Available data:
-------
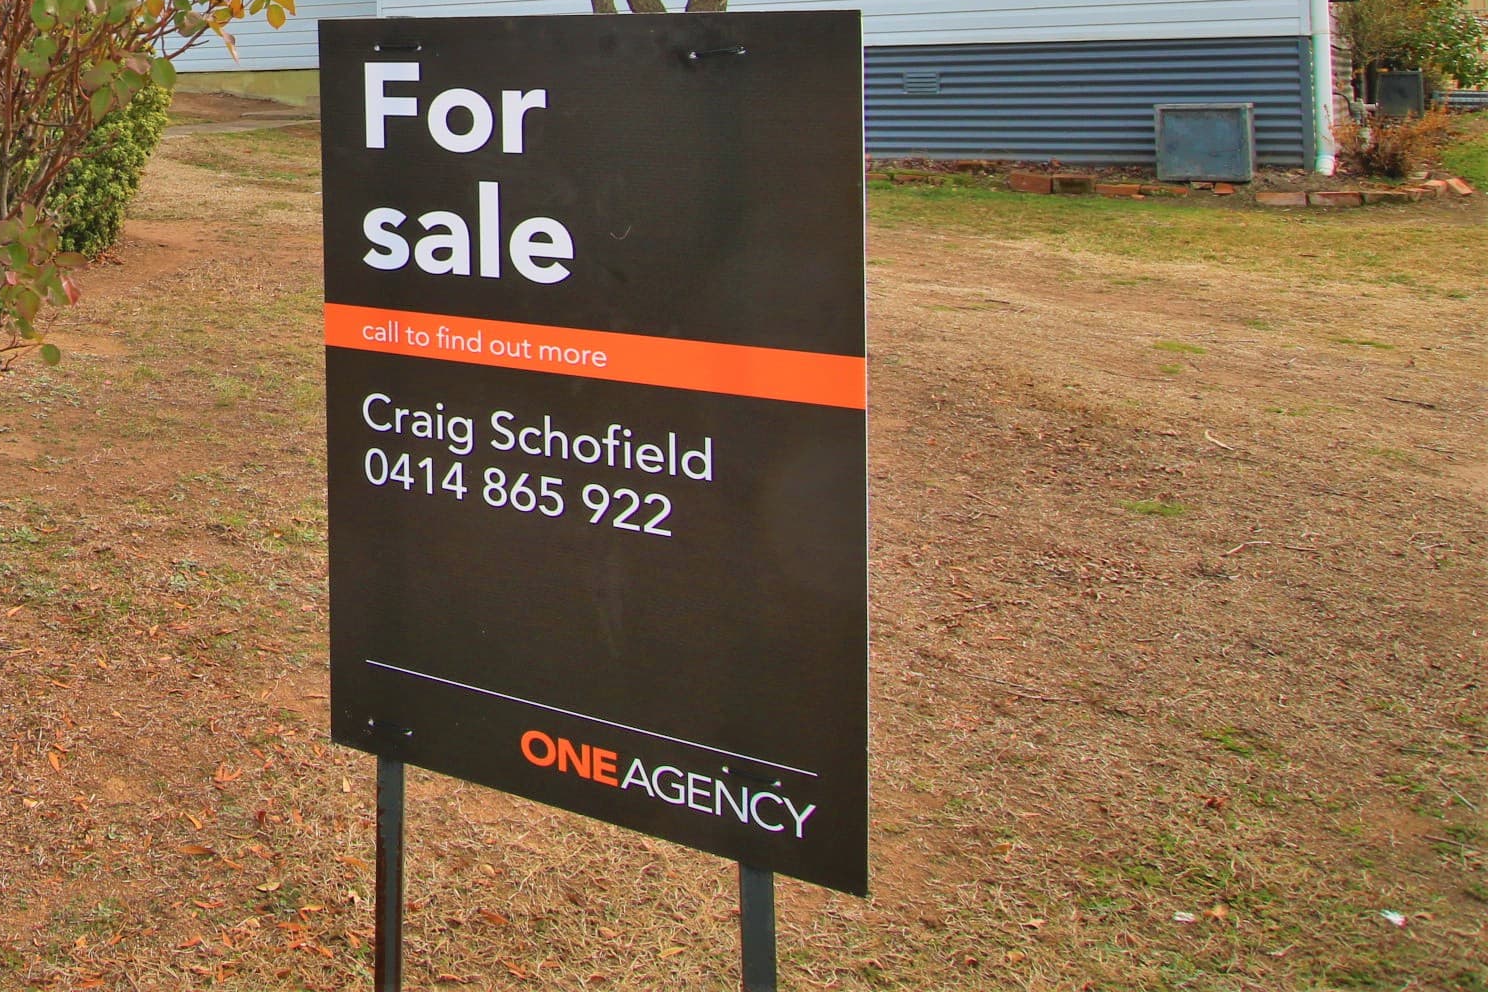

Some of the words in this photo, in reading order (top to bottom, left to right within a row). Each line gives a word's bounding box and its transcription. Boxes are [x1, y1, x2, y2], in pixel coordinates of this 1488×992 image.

[363, 62, 547, 154] For
[362, 181, 574, 284] sale
[362, 320, 399, 343] call
[404, 326, 431, 347] to
[436, 325, 483, 353] find
[489, 339, 532, 360] out
[539, 345, 608, 368] more
[362, 392, 474, 456] Craig
[490, 410, 714, 482] Schofield
[364, 447, 468, 500] 0414
[482, 467, 564, 517] 865
[581, 483, 672, 537] 922
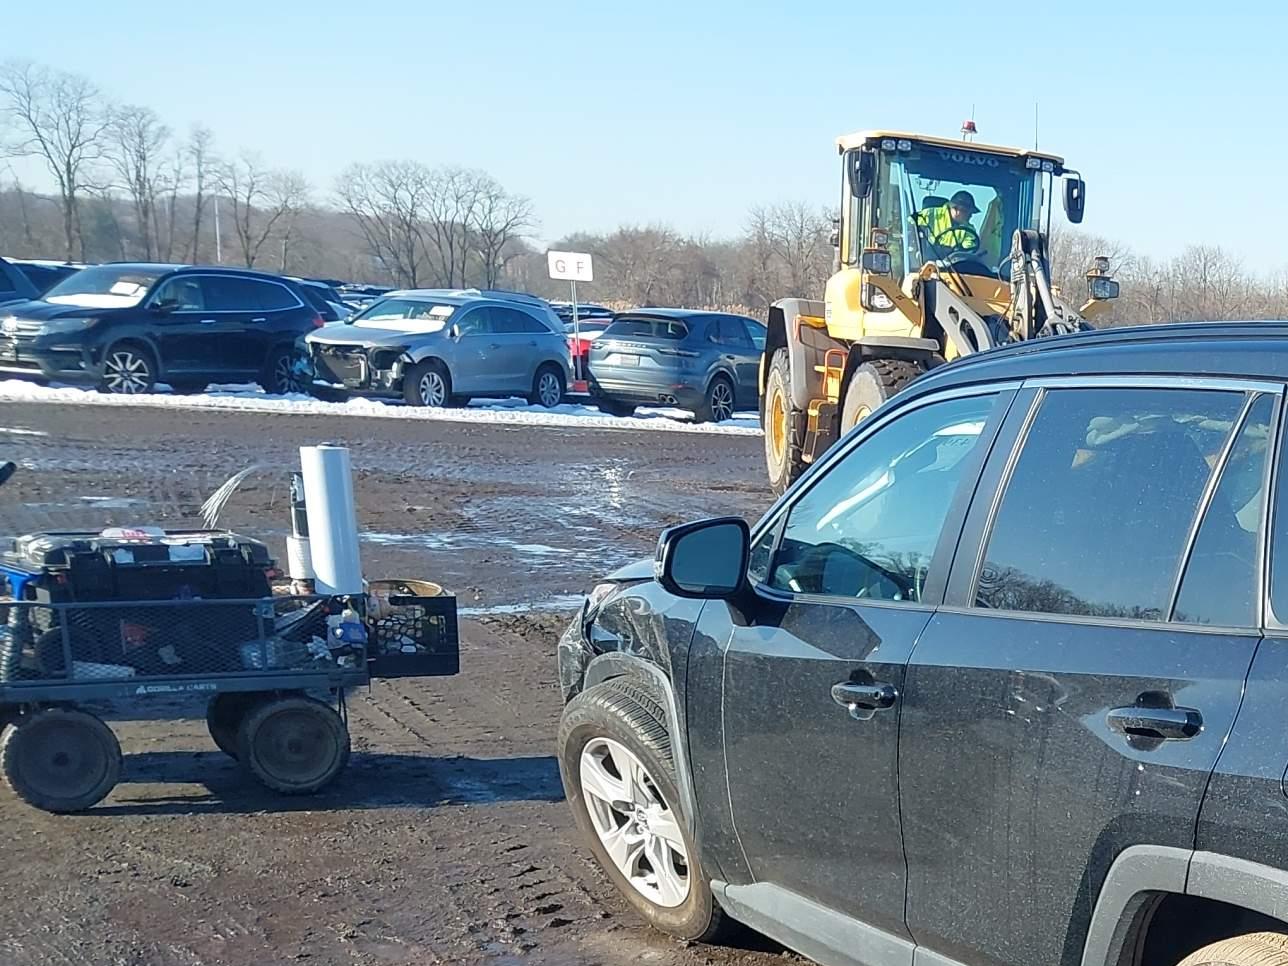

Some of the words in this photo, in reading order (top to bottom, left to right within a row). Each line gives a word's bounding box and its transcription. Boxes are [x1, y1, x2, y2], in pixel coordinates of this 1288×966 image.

[939, 151, 1000, 168] VOLVO
[555, 259, 566, 273] G
[576, 261, 585, 275] F
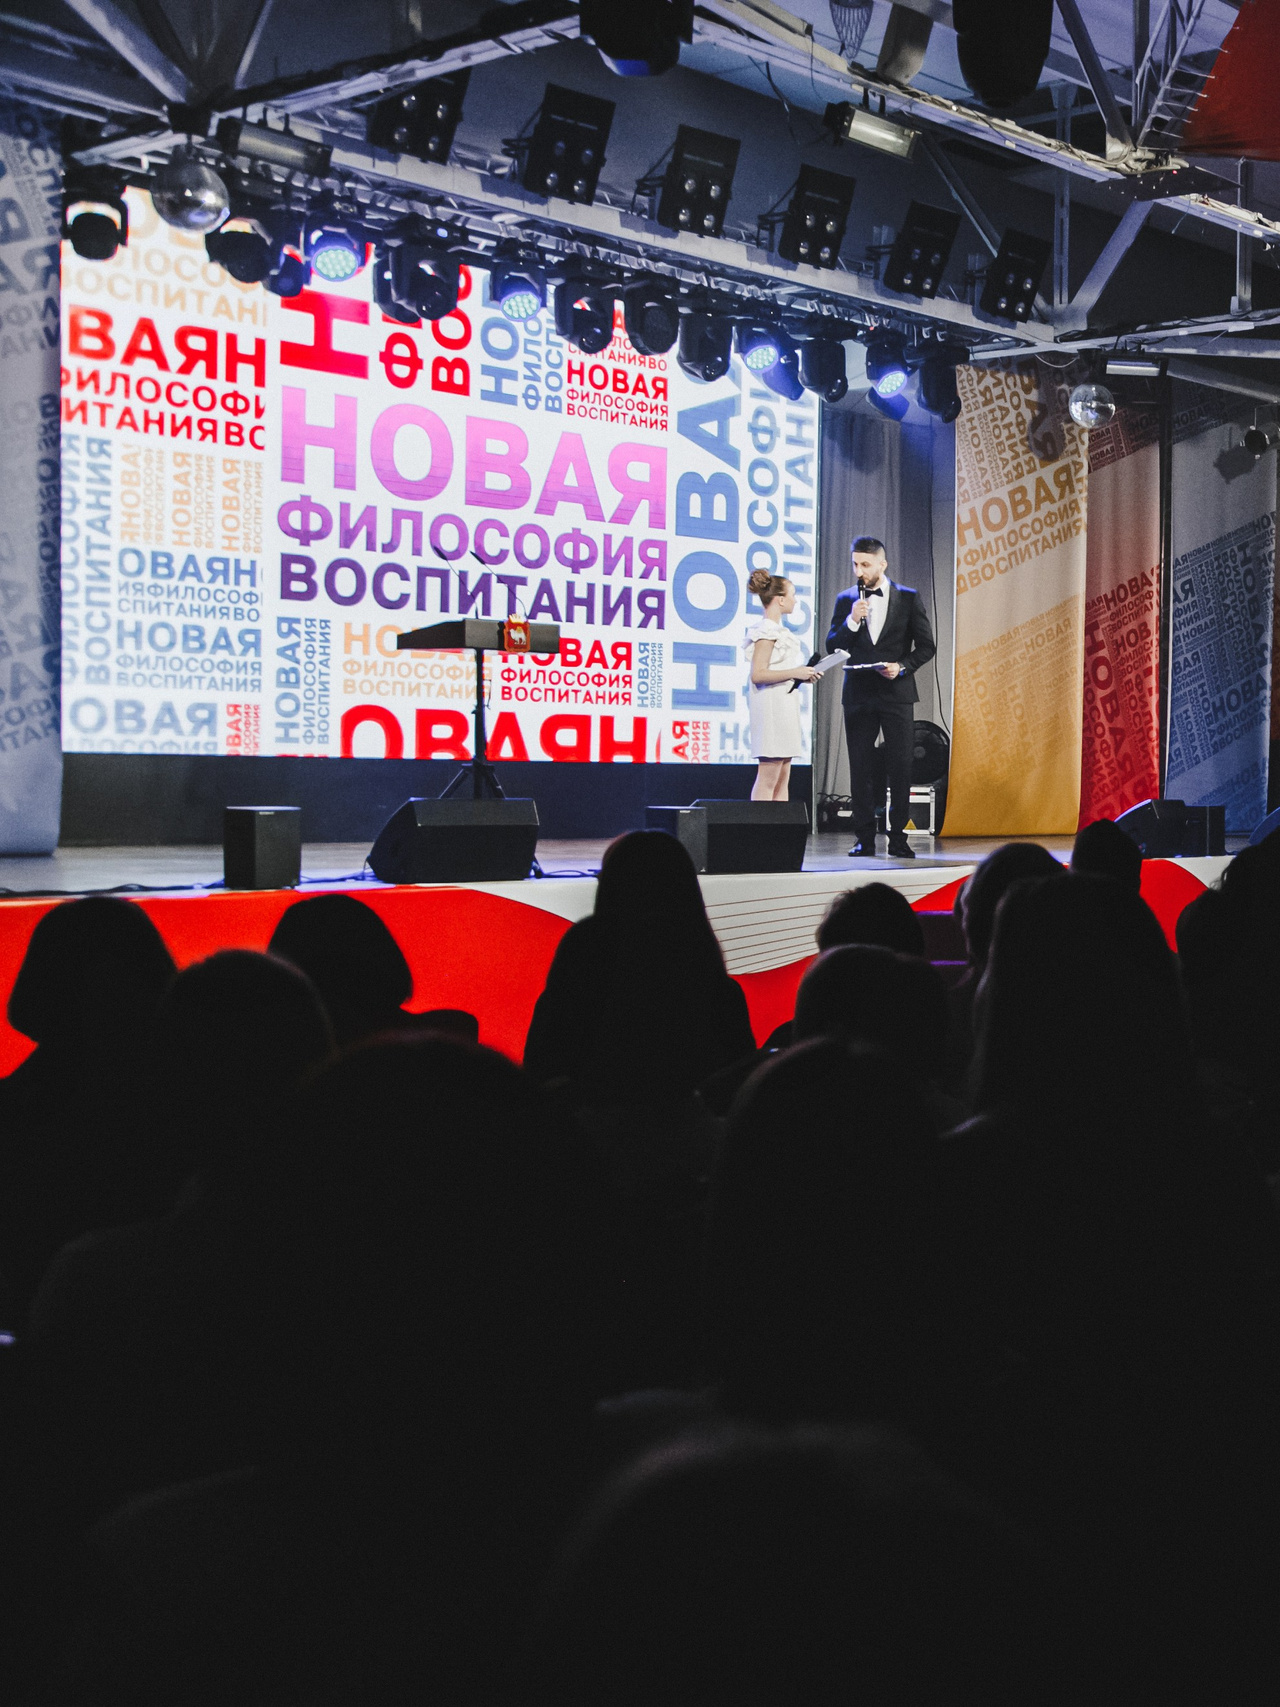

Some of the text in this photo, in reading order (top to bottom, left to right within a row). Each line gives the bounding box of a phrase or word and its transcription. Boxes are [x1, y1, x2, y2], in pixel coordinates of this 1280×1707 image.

[566, 388, 669, 417] ФИЛОСОФИЯ
[567, 359, 668, 401] НОВАЯ
[566, 403, 669, 431] ВОСПИТАНИЯ
[988, 407, 1014, 485] НОВАЯ
[281, 384, 668, 530] НОВАЯ
[966, 416, 992, 494] НОВАЯ
[172, 452, 192, 547] НОВАЯ
[221, 458, 241, 552] НОВАЯ
[957, 462, 1076, 546] НОВАЯ
[85, 436, 112, 686] ВОСПИТАНИЯ
[277, 495, 668, 582] ФИЛОСОФИЯ
[963, 498, 1082, 568] ФИЛОСОФИЯ
[118, 547, 263, 588] ОВАЯН
[280, 552, 667, 630] ВОСПИТАНИЯ
[1024, 616, 1072, 653] НОВАЯ
[1110, 590, 1154, 621] ФИЛОСОФ
[1182, 617, 1216, 642] НОВАЯ
[115, 654, 263, 676] ФИЛОСОФИЯ
[116, 619, 263, 658] НОВАЯ
[115, 672, 263, 693] ВОСПИТАНИЯ
[275, 616, 301, 744] НОВАЯ
[303, 617, 317, 745] ФИЛОСОФИЯ
[318, 619, 331, 745] ВОСПИТАНИЯ
[501, 667, 633, 689] ФИЛОСОФИЯ
[501, 686, 633, 706] ВОСПИТАНИЯ
[637, 642, 650, 708] НОВАЯ
[1212, 672, 1267, 723] НОВА
[69, 697, 218, 737] ОВАЯ
[341, 704, 662, 764] ОВАЯН
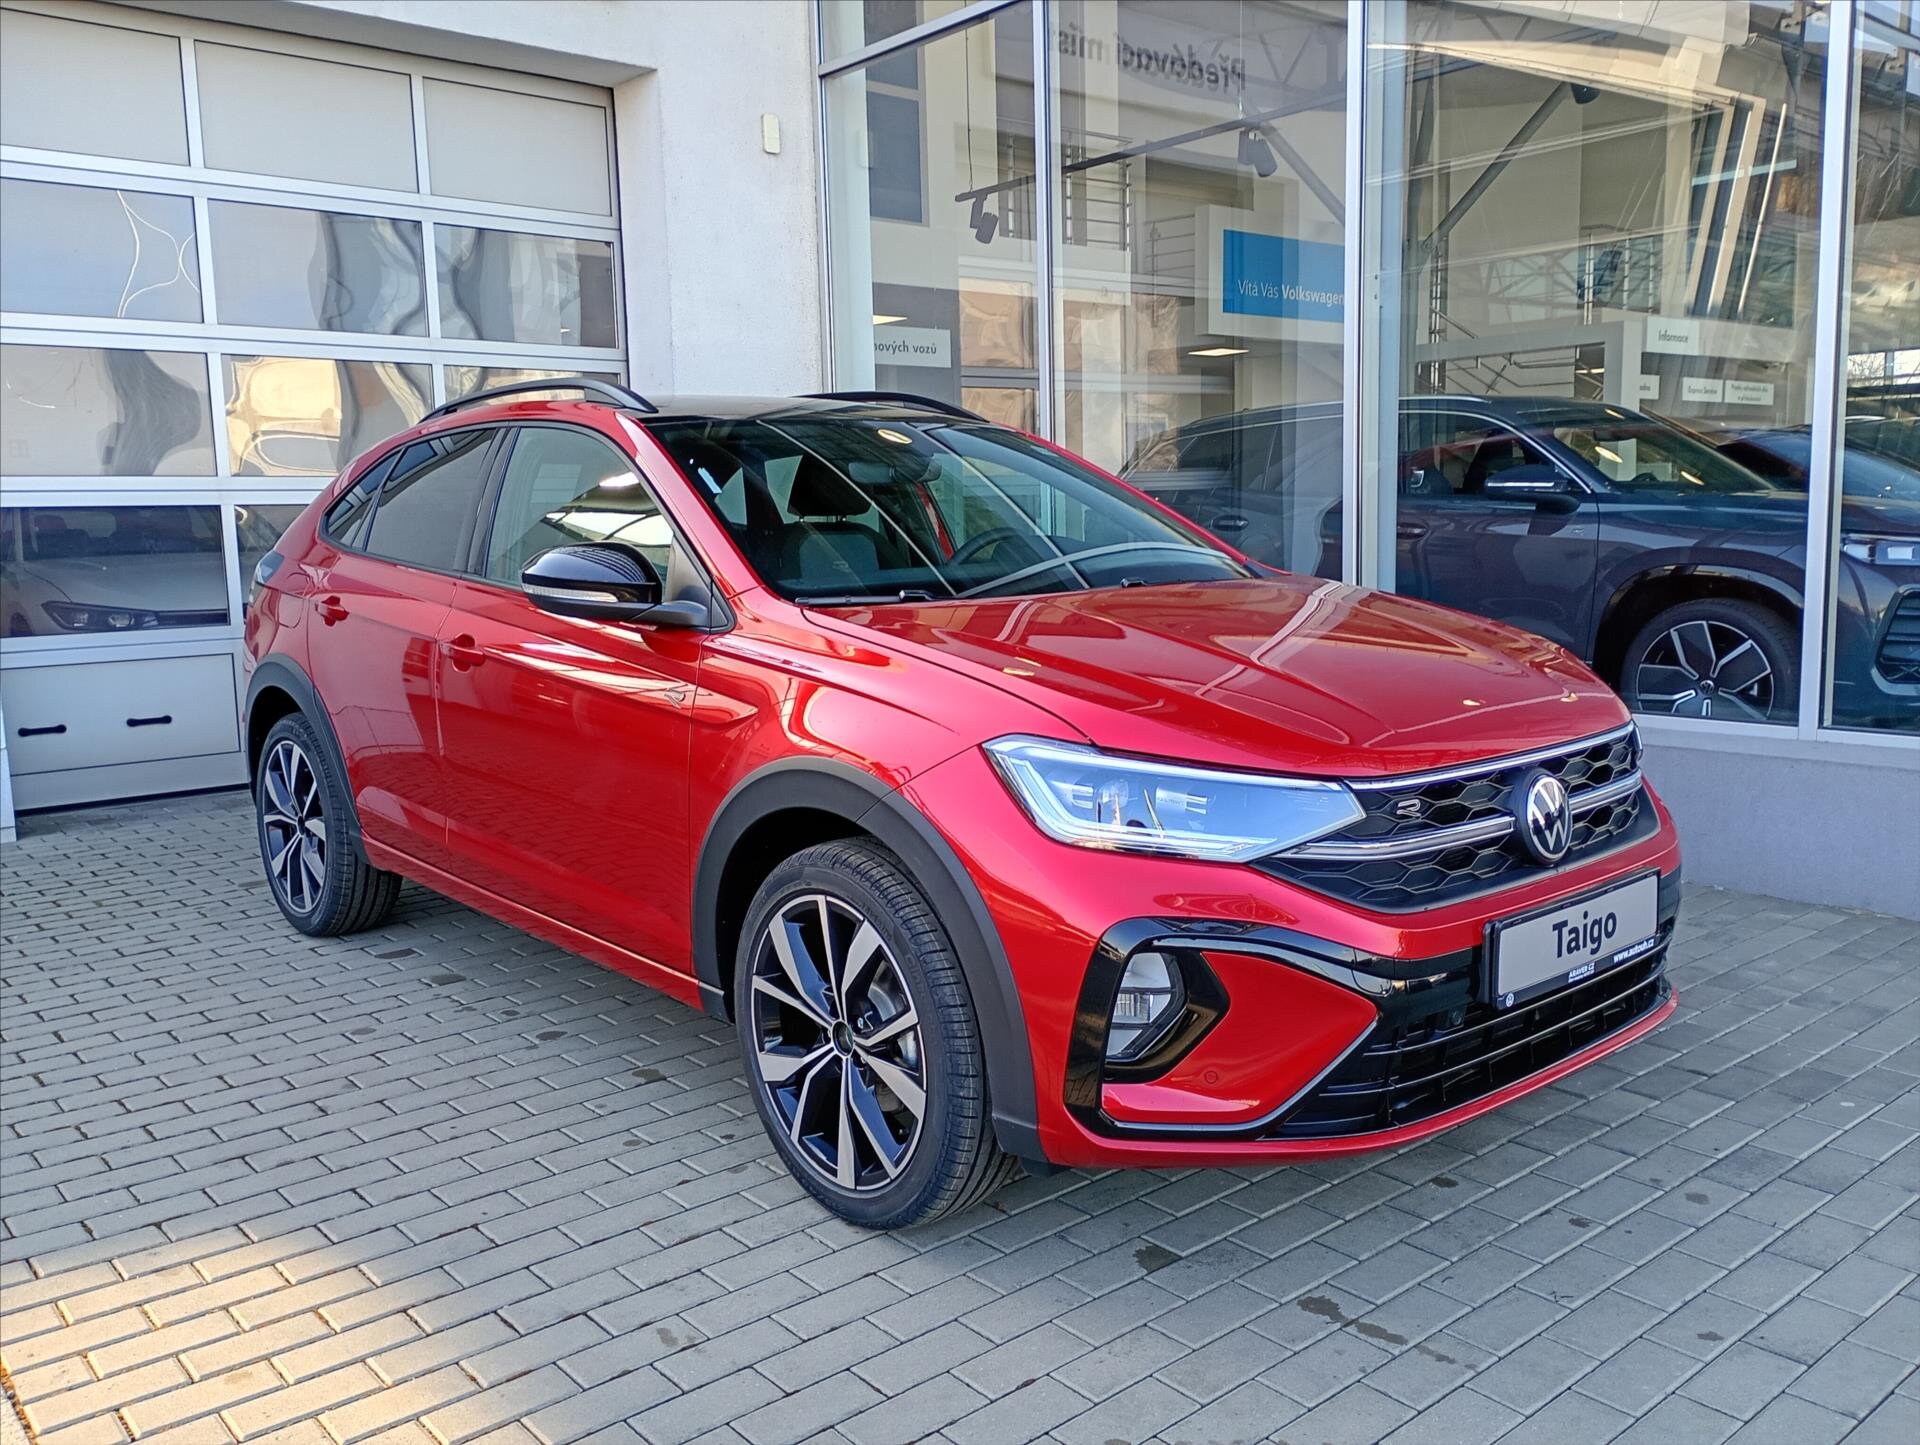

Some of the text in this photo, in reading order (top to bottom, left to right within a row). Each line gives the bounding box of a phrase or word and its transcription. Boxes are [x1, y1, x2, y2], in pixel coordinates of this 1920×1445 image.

[1238, 279, 1258, 297] Vítá
[1260, 281, 1279, 298] Vás
[1658, 329, 1689, 343] Informace
[912, 342, 937, 354] vozů
[1552, 910, 1617, 958] Taigo
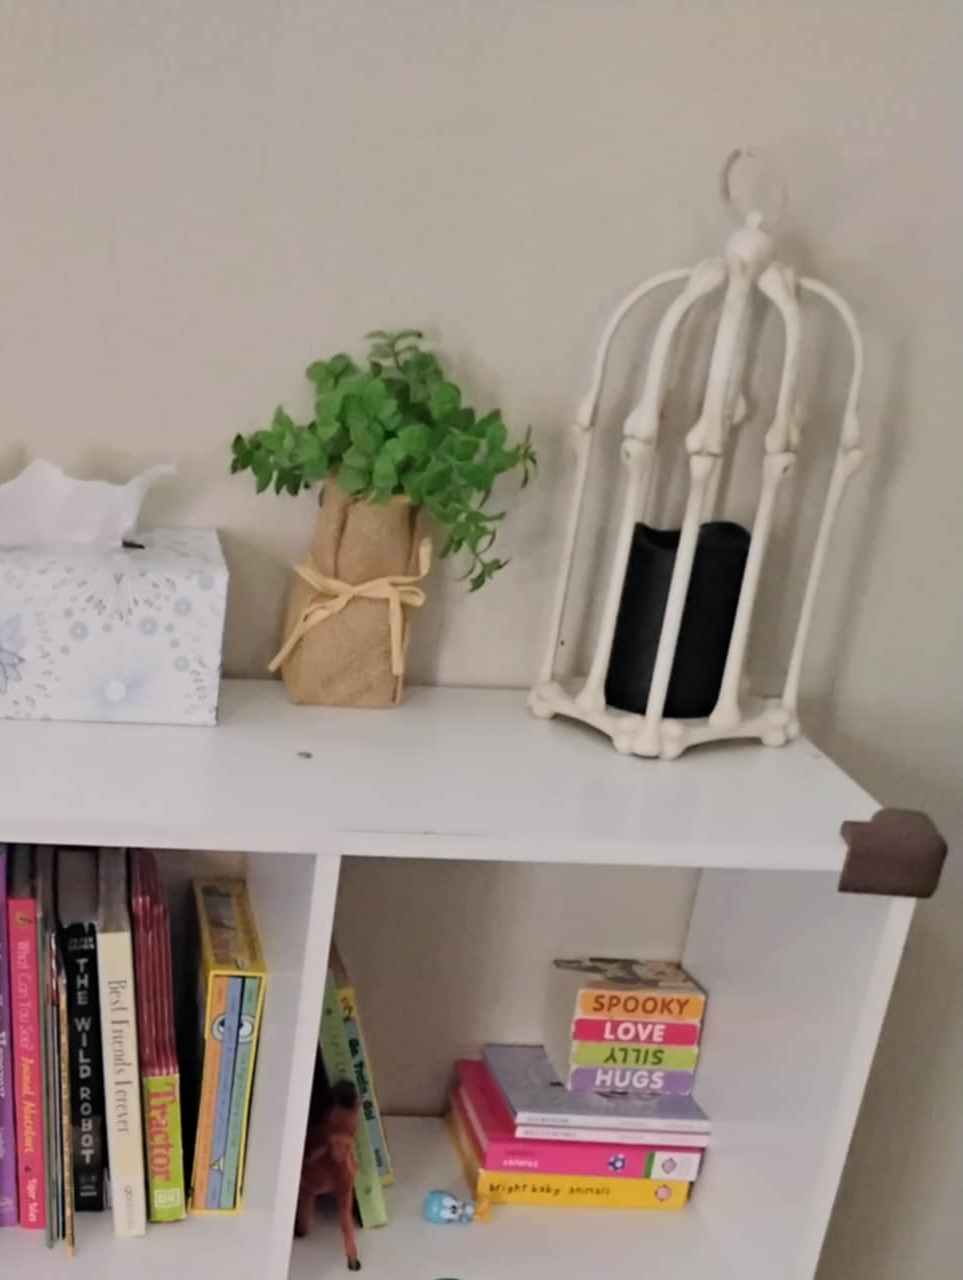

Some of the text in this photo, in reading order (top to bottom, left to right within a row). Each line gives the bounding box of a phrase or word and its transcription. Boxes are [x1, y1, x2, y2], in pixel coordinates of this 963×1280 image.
-------
Task statement: Leave the pictures out, and copy exactly each line from the one containing "this 1920×1445 image." through the final line of the data.

Result below:
Some of the text in this photo, in reading order (top to bottom, left to right within a row). Each line gives the bounding box of a phrase or word and its transcription. Boxes are [x1, y1, x2, y2], in pixel coordinates of this 1920×1445 image.

[1238, 279, 1258, 297] Vítá
[1260, 281, 1279, 298] Vás
[1658, 329, 1689, 343] Informace
[912, 342, 937, 354] vozů
[1552, 910, 1617, 958] Taigo

Some of the text in this photo, in reading order (top to bottom, left to right within a row). Each line gives the bounding box of a phrase or word and its transcription. Boxes are [x1, y1, x2, y2], in pixel coordinates of this 963×1280 image.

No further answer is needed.